From the 1st Debate, September 29
"Well, so far we have had no problem whatsoever. " (referring to crowds of thousands at rallies)

"I don’t wear a mask like him. Every time you see him, he’s got a mask. He could be speaking 200 feet away from him and he shows up with the biggest mask I’ve ever seen."

October 2
Trump and First Lady test positive for Coronavirus. Also, more than a dozen White House staff and aides tested positive.

October 5
U.S. death toll passes 210,000

October 5
“Don’t be afraid of Covid.”

October 6
"Many people every year, sometimes over 100,000, and despite the Vaccine, die from the Flu, Are we going to close down our Country? No, we have learned to live with it, just like we are learning to live with Covid, in most populations far less lethal!!!" - Trump post, taken down by Facebook and Twitter

October 10
"But it’s going to disappear; it is disappearing."

October 11
"...We have done a “phenomenal” job, according to certain governors. Many people agree...And now come the Vaccines & Cures, long ahead of projections!"

October 12
"Under my leadership, we're delivering a safe vaccine and a rapid recovery like nobody can even believe. And if you look at our upward path, no country in the world has recovered the way we've recovered economically or otherwise, not even close."

October 12
“I went through it. Now, they say I'm immune. I can feel—I feel so powerful.”

October 12
“When this first came out, if we didn't do a good job, they predicted 2.2 million people would die, we're 210,000. We shouldn't be at, one, it's China's fault. They allowed this to happen.”

October 19
U.S. death toll passes 220,000

October 19
"People are saying whatever. Just leave us alone. They’re tired of it. People are tired of hearing Fauci and all these idiots...Fauci is a nice guy. He’s been here for 500 years."
he should have gotten out of the way but again, 1) the scientists/doctors don't make policy; if they did we'd be locked down for a year with 25 million in poverty and all that attends and the cure would be far worse than the virus. policy makers consider the health advice and create policy based on a totality of factors not just covid cases that liberal media is obsessed with as opposed to survival rates etc; remember heart disease and cancer will kill 6x more americans this year than cancer, not to mention the insidious effects of poverty and all the other health conditions being neglected because of hte media's obessession with covid cases 2) state and local politicians are the ultimate decision makers. federalism. that's where the buck stops. 3) you post incessantly about trump. you are obsessed with same and losing any ability to think rationally. europe had 1.3 million cases this week. to say the death's in the us are on his hands is in coh's words "one of the five dumbest things i've ever seen posted on the wc."

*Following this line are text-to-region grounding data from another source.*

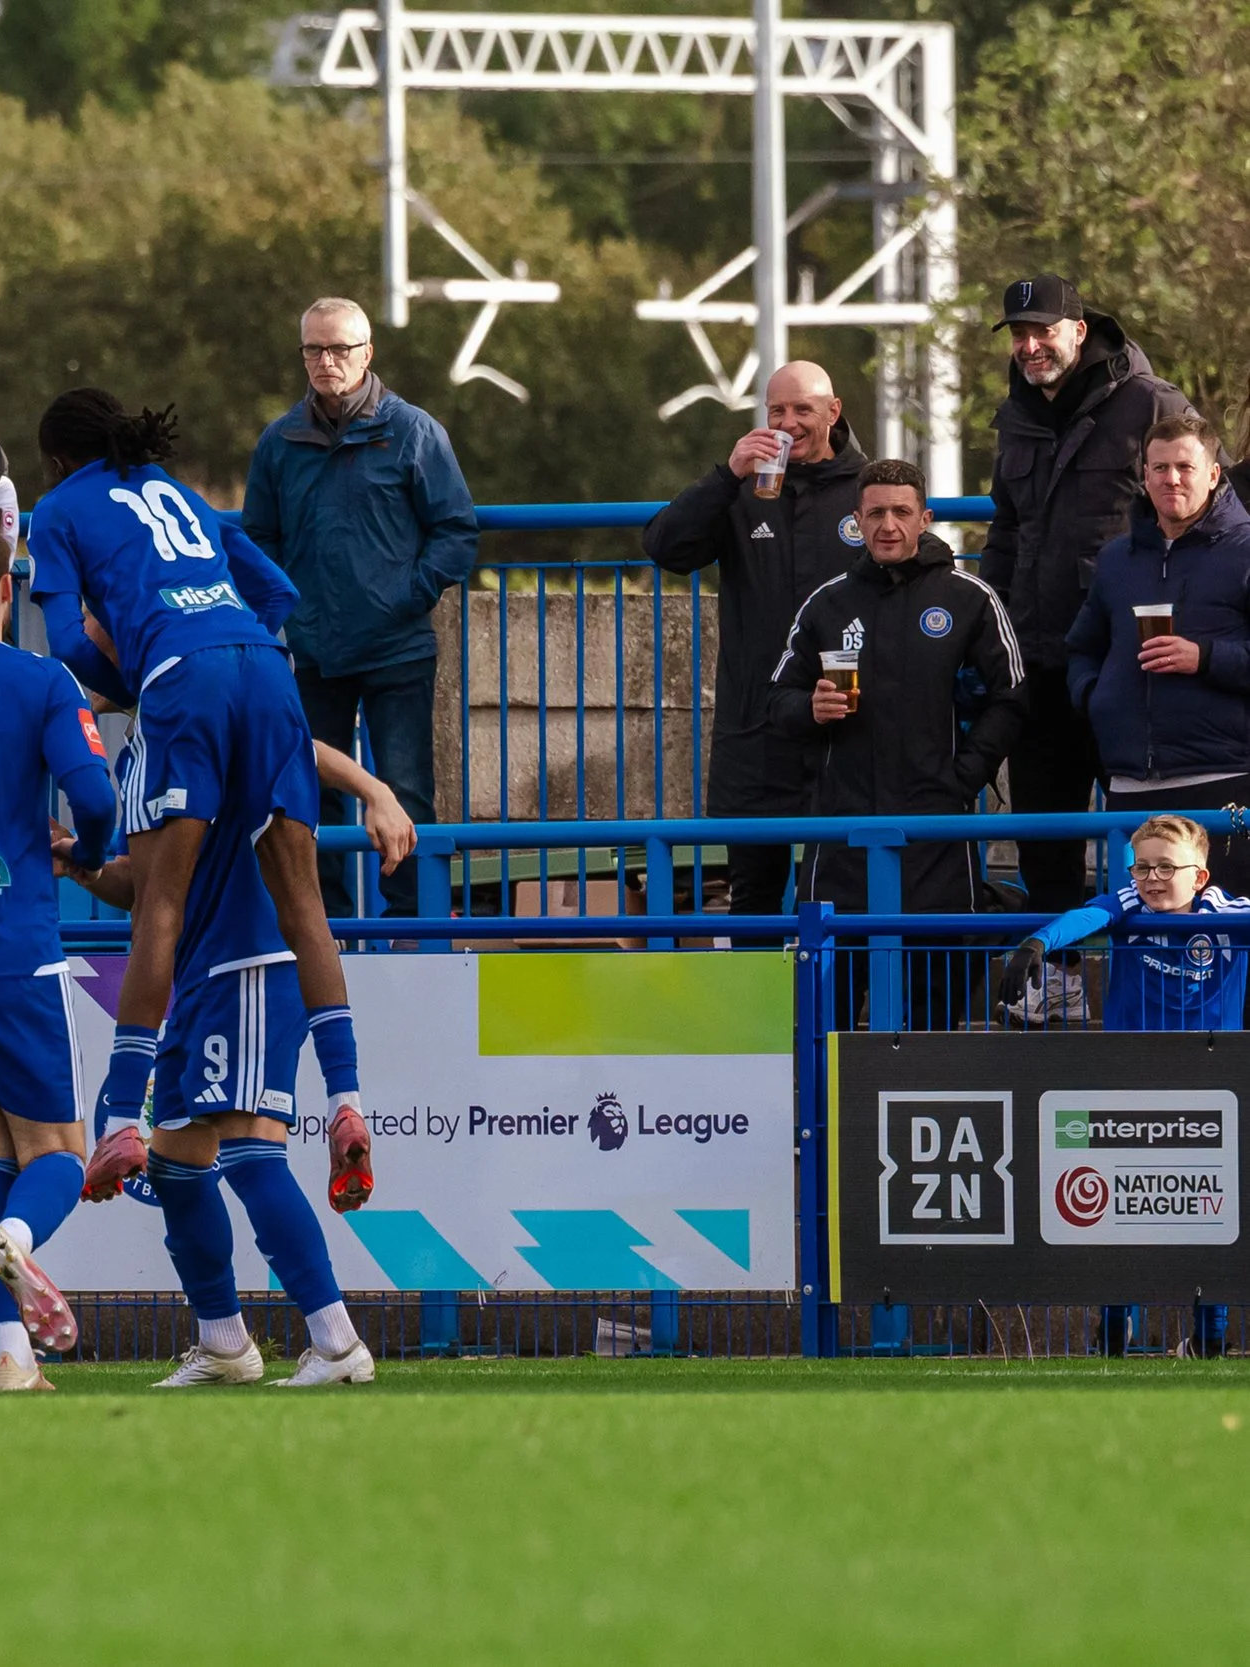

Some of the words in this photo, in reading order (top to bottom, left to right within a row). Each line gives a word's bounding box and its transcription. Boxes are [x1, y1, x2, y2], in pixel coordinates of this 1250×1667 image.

[109, 480, 216, 562] 10
[842, 632, 863, 650] DS
[203, 1034, 228, 1082] 9
[426, 1106, 461, 1144] by
[469, 1105, 580, 1136] Premier
[638, 1105, 749, 1144] League
[1065, 1117, 1220, 1144] enterprise
[1114, 1174, 1224, 1194] NATIONAL

now relax. stop obsessing over this shit. drink a beer and look at the water. manchester united was brilliant today.
 
Go back and look for my comments back in early Mid Feb/Early March. I have not changed one iota.

I have repeated the same message over & over till about May/June when I realised that that the country was heading for a disaster.

The Flu season is like clockwork. The immunologists always knew that they had to shut the spread down before the Fall/Winter seasons when everyone would be stuck in close quarters, indoors for the next few months. Then the serious numbers will kick in.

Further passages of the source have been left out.